Perform multiple mutations on one or more documents in an atomic manner for better performance at scale.

Why Use Transactions

You need to update multiple documents as a single atomic operation, where either all changes succeed or none do. Without transactions, a failure mid-way through a series of updates could leave your data in an inconsistent state. For example, transferring a balance between two accounts requires both the debit and credit to complete together.

Overview

To perform a transaction in Squid, use the runInTransaction method provided by the squid object. This method takes a callback function as a parameter, which will be executed within the context of a transaction.

Client code
await squid.runInTransaction(async (transactionId: string) => {
const user1 = squid.collection<User>('users').doc('user_1_id');
const user2 = squid.collection<User>('users').doc('user_2_id');
await user1.update({ name: 'Alice' }, transactionId);
await user2.update({ name: 'Bob' }, transactionId);
});

When applying changes inside a transaction, these changes will not reflect immediately, but they will reflect optimistically once the callback function completes.

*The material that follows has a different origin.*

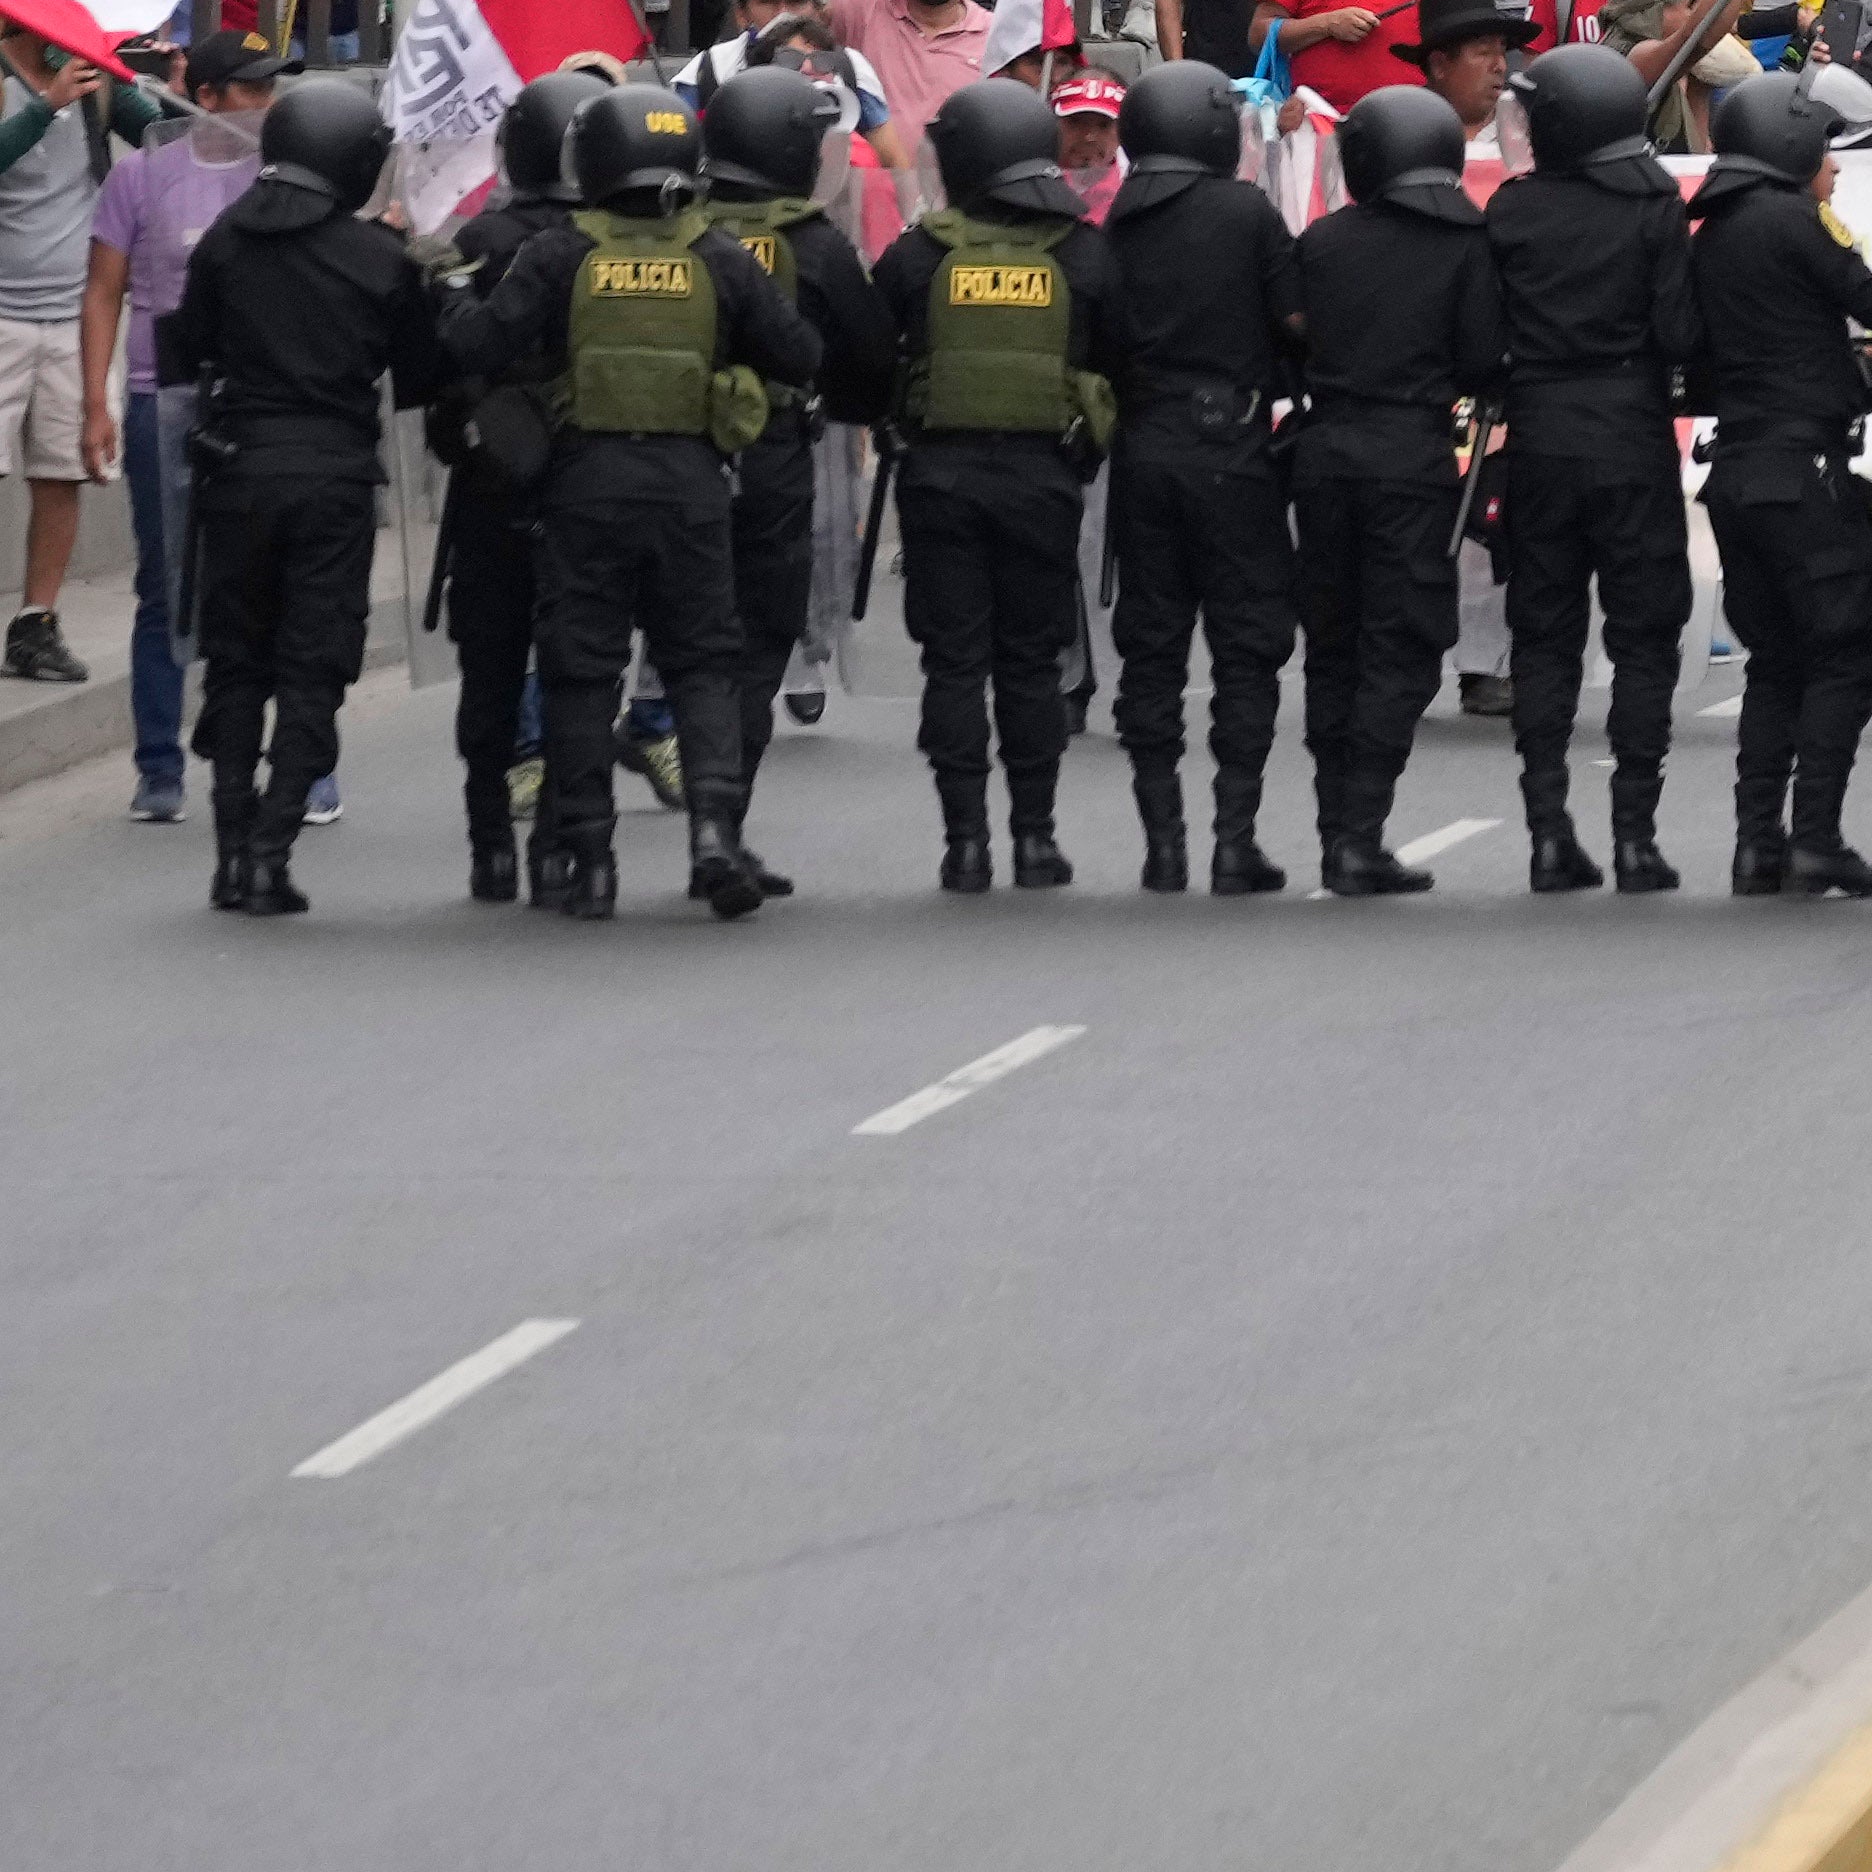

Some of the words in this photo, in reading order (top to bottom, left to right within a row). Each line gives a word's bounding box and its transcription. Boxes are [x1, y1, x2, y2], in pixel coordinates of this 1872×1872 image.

[1576, 14, 1600, 43] 10
[593, 264, 687, 293] POLICIA
[954, 271, 1048, 301] POLICIA

This is in contrast to applying a mutation without a transaction, where changes are applied immediately and optimistically. Any mutation that is applied as part of a transaction will resolve immediately. In order to make sure the changes are applied on the server, you should wait for the promise returned from runInTransaction to resolve.

Core Concepts

Transactions and queries

Squid does not support queries from inside a transaction. For example, the following code will cause a deadlock in the transaction:

Client code
const user1 = squid.collection<User>('users').doc('user_1_id');

await squid.runInTransaction(async (transactionId: string) => {
// This query inside the transaction will cause a deadlock
const user1Data = await user1.snapshot();

await user1.update({ loginCount: user1Data.loginCount + 1 });
});

Instead, fetch any necessary data before the transaction begins:

Client code
const user1 = squid.collection<User>('users').doc('user_1_id');
const user1Data = await user1.snapshot();

await squid.runInTransaction(async (transactionId: string) => {
if (user1Data) {
await user1.update({ loginCount: user1Data.loginCount + 1 }, transactionId);
}
});

Cross-connector transactions

When applying a transaction on multiple connectors, each connector will be updated atomically. However, it is possible that one connector updates successfully while the other fails. There is no support for cross-connector atomic updates.

Note

Cross-connector transactions provide per-connector atomicity, not global atomicity. Design your data model accordingly.

Error Handling

ErrorCauseSolution
DeadlockPerforming a query inside the transaction callbackFetch all required data before calling runInTransaction
Transaction timeoutThe transaction callback took too long to completeKeep transactions small and fast; move heavy computation outside the callback
Partial failure (cross-connector)One connector succeeded but another failedDesign for per-connector atomicity; consider using a single connector for critical atomic operations
Security rule rejectionA mutation within the transaction was blocked by security rulesVerify the user has write permission for all collections involved

Best Practices

  1. Fetch data before the transaction to avoid deadlocks:

    Client code
    // Fetch first
    const accountA = await squid.collection<Account>('accounts').doc('a').snapshot();
    const accountB = await squid.collection<Account>('accounts').doc('b').snapshot();

    // Then transact
    if (accountA && accountB) {
    await squid.runInTransaction(async (txId: string) => {
    await squid
    .collection<Account>('accounts')
    .doc('a')
    .update({ balance: accountA.balance - 100 }, txId);
    await squid
    .collection<Account>('accounts')
    .doc('b')
    .update({ balance: accountB.balance + 100 }, txId);
    });
    }
  2. Keep transactions small by only including the mutations that must be atomic. Move computation and validation outside the callback.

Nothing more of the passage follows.